▶ _Excerpts from a dataset_
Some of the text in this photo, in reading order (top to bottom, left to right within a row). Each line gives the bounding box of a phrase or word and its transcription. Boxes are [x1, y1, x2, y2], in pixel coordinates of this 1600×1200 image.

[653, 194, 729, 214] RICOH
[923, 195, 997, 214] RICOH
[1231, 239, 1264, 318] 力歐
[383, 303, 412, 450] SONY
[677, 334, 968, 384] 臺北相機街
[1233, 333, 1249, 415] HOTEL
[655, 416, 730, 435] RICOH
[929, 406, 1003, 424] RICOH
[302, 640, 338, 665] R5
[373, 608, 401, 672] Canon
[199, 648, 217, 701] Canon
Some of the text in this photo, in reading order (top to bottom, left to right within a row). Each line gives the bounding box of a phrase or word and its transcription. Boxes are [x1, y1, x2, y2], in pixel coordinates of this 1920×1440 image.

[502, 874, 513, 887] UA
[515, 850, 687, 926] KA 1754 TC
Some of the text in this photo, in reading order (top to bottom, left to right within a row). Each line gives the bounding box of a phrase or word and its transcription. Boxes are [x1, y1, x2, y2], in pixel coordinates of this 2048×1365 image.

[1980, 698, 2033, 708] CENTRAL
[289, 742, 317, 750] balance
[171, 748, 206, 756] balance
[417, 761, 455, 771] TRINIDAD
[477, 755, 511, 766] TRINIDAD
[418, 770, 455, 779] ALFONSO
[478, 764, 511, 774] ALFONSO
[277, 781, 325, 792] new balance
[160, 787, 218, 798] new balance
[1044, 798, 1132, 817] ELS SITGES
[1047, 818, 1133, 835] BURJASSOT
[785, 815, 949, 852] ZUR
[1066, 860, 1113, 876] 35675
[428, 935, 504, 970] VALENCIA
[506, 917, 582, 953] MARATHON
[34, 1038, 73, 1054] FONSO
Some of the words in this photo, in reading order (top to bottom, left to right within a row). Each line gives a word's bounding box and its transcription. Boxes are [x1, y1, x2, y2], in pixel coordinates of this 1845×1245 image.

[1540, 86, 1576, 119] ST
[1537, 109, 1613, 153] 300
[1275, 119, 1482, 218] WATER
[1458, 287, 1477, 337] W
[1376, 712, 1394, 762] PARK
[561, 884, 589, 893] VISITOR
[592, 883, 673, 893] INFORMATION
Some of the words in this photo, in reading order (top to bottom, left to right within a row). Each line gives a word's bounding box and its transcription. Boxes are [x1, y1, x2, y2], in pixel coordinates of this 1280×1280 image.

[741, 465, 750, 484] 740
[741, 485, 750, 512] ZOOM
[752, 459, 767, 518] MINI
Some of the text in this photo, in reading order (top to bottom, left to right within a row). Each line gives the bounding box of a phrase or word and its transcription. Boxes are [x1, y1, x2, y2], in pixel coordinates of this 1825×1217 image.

▶ _About this exercise_
Every entry above should be retyped exactly as it appears.

▶ _Answer for this exercise_
Some of the text in this photo, in reading order (top to bottom, left to right within a row). Each line gives the bounding box of a phrase or word and its transcription. Boxes are [x1, y1, x2, y2], in pixel coordinates of this 1600×1200 image.

[653, 194, 729, 214] RICOH
[923, 195, 997, 214] RICOH
[1231, 239, 1264, 318] 力歐
[383, 303, 412, 450] SONY
[677, 334, 968, 384] 臺北相機街
[1233, 333, 1249, 415] HOTEL
[655, 416, 730, 435] RICOH
[929, 406, 1003, 424] RICOH
[302, 640, 338, 665] R5
[373, 608, 401, 672] Canon
[199, 648, 217, 701] Canon
Some of the text in this photo, in reading order (top to bottom, left to right within a row). Each line gives the bounding box of a phrase or word and its transcription. Boxes are [x1, y1, x2, y2], in pixel coordinates of this 1920×1440 image.

[502, 874, 513, 887] UA
[515, 850, 687, 926] KA 1754 TC
Some of the text in this photo, in reading order (top to bottom, left to right within a row). Each line gives the bounding box of a phrase or word and its transcription. Boxes are [x1, y1, x2, y2], in pixel coordinates of this 2048×1365 image.

[1980, 698, 2033, 708] CENTRAL
[289, 742, 317, 750] balance
[171, 748, 206, 756] balance
[417, 761, 455, 771] TRINIDAD
[477, 755, 511, 766] TRINIDAD
[418, 770, 455, 779] ALFONSO
[478, 764, 511, 774] ALFONSO
[277, 781, 325, 792] new balance
[160, 787, 218, 798] new balance
[1044, 798, 1132, 817] ELS SITGES
[1047, 818, 1133, 835] BURJASSOT
[785, 815, 949, 852] ZUR
[1066, 860, 1113, 876] 35675
[428, 935, 504, 970] VALENCIA
[506, 917, 582, 953] MARATHON
[34, 1038, 73, 1054] FONSO
Some of the words in this photo, in reading order (top to bottom, left to right within a row). Each line gives a word's bounding box and its transcription. Boxes are [x1, y1, x2, y2], in pixel coordinates of this 1845×1245 image.

[1540, 86, 1576, 119] ST
[1537, 109, 1613, 153] 300
[1275, 119, 1482, 218] WATER
[1458, 287, 1477, 337] W
[1376, 712, 1394, 762] PARK
[561, 884, 589, 893] VISITOR
[592, 883, 673, 893] INFORMATION
Some of the words in this photo, in reading order (top to bottom, left to right within a row). Each line gives a word's bounding box and its transcription. Boxes are [x1, y1, x2, y2], in pixel coordinates of this 1280×1280 image.

[741, 465, 750, 484] 740
[741, 485, 750, 512] ZOOM
[752, 459, 767, 518] MINI
Some of the text in this photo, in reading order (top to bottom, left to right within a row). Each line gives the bounding box of a phrase or word and its transcription. Boxes are [x1, y1, x2, y2], in pixel coordinates of this 1825×1217 image.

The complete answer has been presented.